Warlock Ransomware Group Enhances Post-Exploitation Techniques

Warlock Ransomware Group Enhances Post-Exploitation Techniques 🚀

The Warlock ransomware group continues to exploit unpatched Microsoft SharePoint servers with a new focus on stealthier, more resilient post-exploitation activity, thanks to its use of a new bring your own vulnerable driver (BYOVD) technique and other strategic tools. Warlock, also tracked as Water Manaul, has maintained consistency in its initial access method in attacks during the second half of last year, primarily targeting the technology, manufacturing, and government sectors in the US, Germany, and Russia, according to researchers at Trend Micro.

In activity observed earlier this year, the group pivoted to expanding its malicious activities once inside a targeted environment. Trend Micro threat analysts noted that the Warlock ransomware group has enhanced its attack chain, including improved methods for persistence, lateral movement, and evasion. These methods include exploiting the Nsec driver with a new BYOVD technique as well as using the remote-access tool TightVNC and the reverse-proxy tool Yuze to conceal its malicious activity as it spreads across networks.
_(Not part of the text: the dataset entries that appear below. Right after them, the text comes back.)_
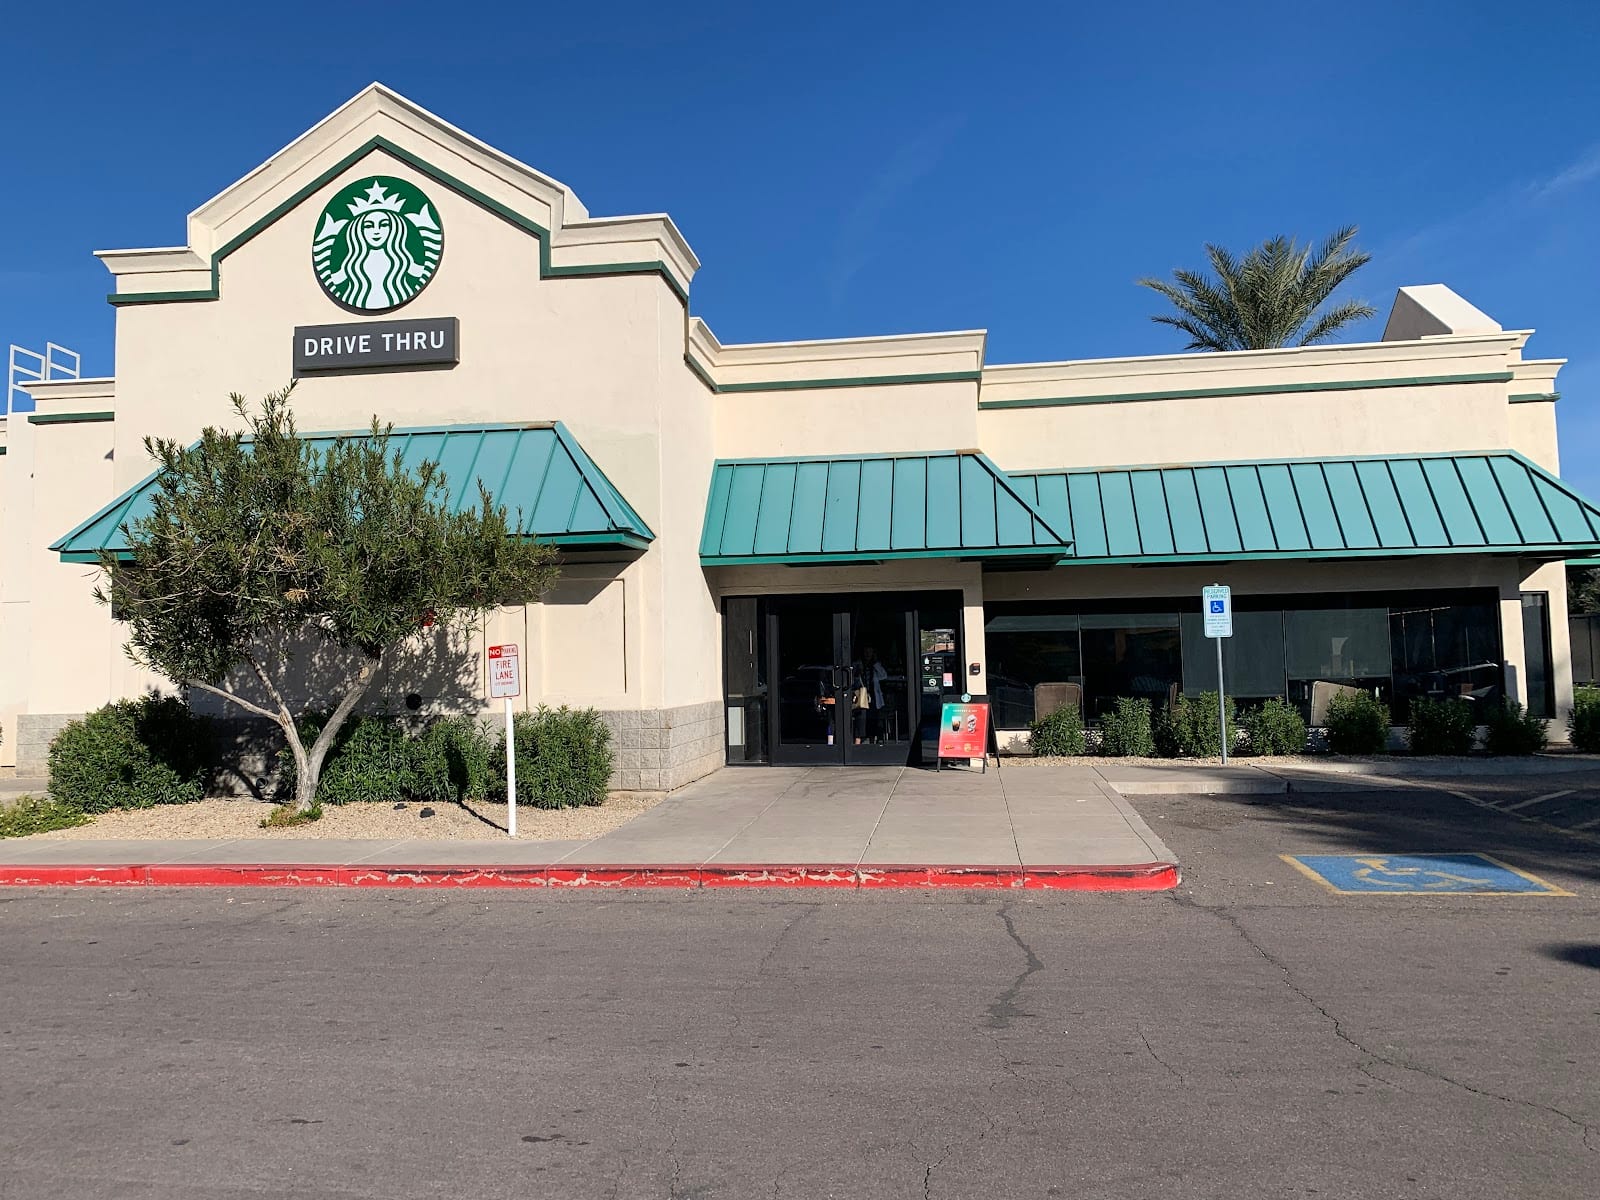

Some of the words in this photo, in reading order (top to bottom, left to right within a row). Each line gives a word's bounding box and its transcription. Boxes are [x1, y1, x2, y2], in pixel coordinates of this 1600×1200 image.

[304, 334, 371, 357] DRIVE
[381, 330, 445, 352] THRU
[489, 648, 501, 656] NO
[496, 659, 512, 670] FIRE
[495, 670, 514, 680] LANE
These tactics are in addition to previous post-exploit tools and techniques used by the group, which included the Velociraptor digital forensics and incident response (DFIR) tool as its primary command-and-control (C2) framework, a single Cloudflare tunnel for remote access, and Rclone disguised as TrendSecurity.exe for exfiltration. The researchers noted that the expanded toolset “gives Warlock multiple redundant [C2] channels that blend with legitimate network traffic, demonstrating deliberate investment in operational resilience and detection evasion.”

Warlock hasn’t been around very long on the ransomware scene but seems to be evolving rapidly in a short time frame. The group made its public debut last June on the Russian cybercrime forum RAMP. Trend Micro researchers observed a Warlock attack in early January during which the threat actors spent 15 days inside a victim’s network before executing the ransomware. The investigation tracked the earliest observed malicious activity of Warlock on the network to the SharePoint worker process (w3wp.exe) on the compromised server, suggesting that the group is continuing to exploit unpatched Microsoft SharePoint vulnerabilities on Internet-facing servers as its primary access point.

Indeed, last year Trend Micro observed Warlock exploiting SharePoint vulnerabilities, including a set of flaws affecting on-premises servers — spoofing flaw CVE-2025-49706, remote code execution bug CVE-2025-49704, and related vulnerabilities CVE-2025-53770 and CVE-2025-53771. While Warlock’s post-compromise tradecraft is evolving, its initial access approach remains unchanged, reinforcing the ongoing risk posed when organizations delay patching of public-facing enterprise applications.

In the Warlock attack Trend Micro detected in January, the threat actors began to deviate from techniques seen in previous attacks to improve persistence, lateral movement, and defense evasion. Key changes observed include silently deploying TightVNC as a Windows service via PsExec for persistent GUI-based remote access.